Whim

Vibe-code tiny personal apps on your phone, by talking. No code ever shown.

You describe what you want — "a timer with my exact pour-over recipe", "a tracker for some thing only I care about" — an AI agent builds it against a small in-house SDK, and the result appears in your launcher as a runnable app. The thesis is the long tail of personal software: apps too small, too niche, or too personal to ever deserve a store listing. Whim collapses the effort to a sentence.

🎬 Demo video — coming soon. The sandbox runtime and version store are running on-device (screenshots below); an end-to-end recorded demo lands here once the next milestone is in.

The interesting problems

This project exists to demonstrate harness engineering — the unglamorous machinery that makes LLM code generation reliable rather than impressive-once. The hard parts, in order of how much they fight back:

Run untrusted, LLM-generated code on a phone, safely. Every mini-app is code nobody reviewed. It runs in a sandbox that is pen-tested, never-regress-CI-gated, and assumes the bundle is actively hostile — including assuming it will lie about its own containment.
Govern what that code can touch. Storage and physical feedback (haptics, sound) aren't ambient capabilities — they're syscalls over an append-only registry with a fixed-order gate, reachable only from a channel a mini-app can't forge.
Design an SDK for a model, not a human. A small, fully-documented component surface that fits in a system prompt, accepts semantic tokens instead of raw values, and makes hallucinated imports structurally impossible. Because apps only ever speak tokens, one user-chosen theme re-skins every app ever generated — retroactively.
Version control nobody can see. Every generation is snapshotted with full history, rollback, pinning, and forking — backed by real git, on-device, with zero git vocabulary reaching the user (a build guard fails if a hash or ref leaks into the API surface).
A self-healing generation loop (in progress): the wire contract, SSE streaming, and a stub Hono server are live; plan → generate → static-check → run → observe → repair still needs the static-check stage (proposed, not built) and a real model behind the harness — the quality of the structured diagnostics fed back, not the model, is what's meant to make this good.

Architecture

The phone owns what's user-owned and must stay stable (apps, data, history, the runtime).
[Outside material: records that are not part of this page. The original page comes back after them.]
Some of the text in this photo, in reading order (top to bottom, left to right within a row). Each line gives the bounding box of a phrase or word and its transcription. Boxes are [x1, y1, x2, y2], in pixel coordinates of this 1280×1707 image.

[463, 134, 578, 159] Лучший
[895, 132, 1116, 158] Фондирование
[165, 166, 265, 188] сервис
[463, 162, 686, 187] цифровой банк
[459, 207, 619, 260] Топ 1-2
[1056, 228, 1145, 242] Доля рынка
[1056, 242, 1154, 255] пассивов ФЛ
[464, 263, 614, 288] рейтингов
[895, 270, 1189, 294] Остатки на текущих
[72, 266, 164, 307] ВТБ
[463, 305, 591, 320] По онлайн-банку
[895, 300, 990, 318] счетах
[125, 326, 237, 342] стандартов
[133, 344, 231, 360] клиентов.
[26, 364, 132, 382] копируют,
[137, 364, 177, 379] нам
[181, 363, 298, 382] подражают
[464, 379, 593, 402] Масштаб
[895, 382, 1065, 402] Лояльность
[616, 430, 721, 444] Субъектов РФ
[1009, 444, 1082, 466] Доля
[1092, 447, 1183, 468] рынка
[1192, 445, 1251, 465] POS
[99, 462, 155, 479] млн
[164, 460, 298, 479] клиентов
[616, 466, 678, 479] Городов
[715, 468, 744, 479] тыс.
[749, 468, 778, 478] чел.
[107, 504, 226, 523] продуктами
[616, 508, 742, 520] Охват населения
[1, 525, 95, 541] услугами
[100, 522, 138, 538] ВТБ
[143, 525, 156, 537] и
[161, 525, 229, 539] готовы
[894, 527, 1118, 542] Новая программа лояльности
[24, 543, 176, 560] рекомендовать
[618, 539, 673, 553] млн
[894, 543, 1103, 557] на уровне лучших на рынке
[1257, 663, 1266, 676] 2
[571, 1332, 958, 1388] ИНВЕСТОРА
The server owns what changes constantly (the harness, model access, checks, telemetry). The server is stateless — the device is the system of record.

flowchart LR
    subgraph Phone["📱 Phone — system of record"]
        UI["Host app<br/>(launcher · prompt UI)"]
        RT["Sandbox runtime<br/>(hardened WebView)"]
        VS[("Version store<br/>(on-device git,<br/>product verbs only)")]
    end
    subgraph Server["☁️ Server — stateless (skeleton live)"]
        H["Generation harness<br/>SSE stub pipeline today;<br/>plan → generate → check<br/>→ run → observe → repair (target)"]
    end
    M["LLM endpoint"]
    UI -- "describe an app" --> H
    H <--> M
    H -- "verified bundle (IIFE)" --> RT
    RT -- "snapshot every generation" --> VS

A mini-app is one TypeScript file that imports only from vc-sdk and exports a defineApp({...}) spec. esbuild turns it into a ~4.5 KiB IIFE; react, react-dom, and vc-sdk stay external and resolve to host-injected globals, so the resolvable module surface at runtime is exactly those three names — everything else throws.

The sandbox

Containment rests on three legs, and the pen-testing showed none is sufficient alone:

flowchart TB
    subgraph RN["React Native host — trusted"]
        subgraph WV["WebView outer document — trusted"]
            subgraph IF["⛔ cross-origin iframe — sandbox=allow-scripts, opaque origin"]
                direction TB
                NEU["neutralize.js — window-level value-strip<br/>fetch · XHR · WebSocket · RTCPeerConnection<br/>localStorage · indexedDB · Worker · sendBeacon"]
                LD["trusted loader — holds nothing stronger<br/>than parent.postMessage"]
                SDK["vc-sdk + one shared React instance"]
                APP["🔓 untrusted mini-app bundle"]
            end
        end
    end
    CSP["CSP: script-src without 'unsafe-eval'<br/>default-src 'none' · connect-src 'none'"] -.enforced on.-> IF
    APP -- "render via vc-sdk only" --> SDK
    IF -- "nonce-authenticated frames" --> WV

The cross-origin iframe (no allow-same-origin) denies all host/native reach — parent.document, top.location, the RN bridge are all SecurityError.
The CSP without 'unsafe-eval' is the only thing that closes the ({}).constructor.constructor('…') codegen hole — every object reaches the Function constructor through its prototype chain, so no amount of global-stripping can. Conversely, eval/Function are not value-replaced: React's internals need them, and CSP kills codegen at the engine level anyway. Strip the capability, not the identifier.
The global value-strip covers what CSP can't — notably RTCPeerConnection, since WebRTC ignores connect-src.

The adversarial suite assumes the worst finding from pen-testing (F4): a bundle shares the iframe scope with the loader and can forge its own "I'm contained" verdict. So the host never trusts a self-report — the verdict comes from closure-captured probes the bundle can't overwrite, and every iframe→host control frame is authenticated with a per-realm nonce. Realms are recreated per generation, because an earlier generation can otherwise backdoor the next one through Object.prototype (confirmed on-device, now a regression test).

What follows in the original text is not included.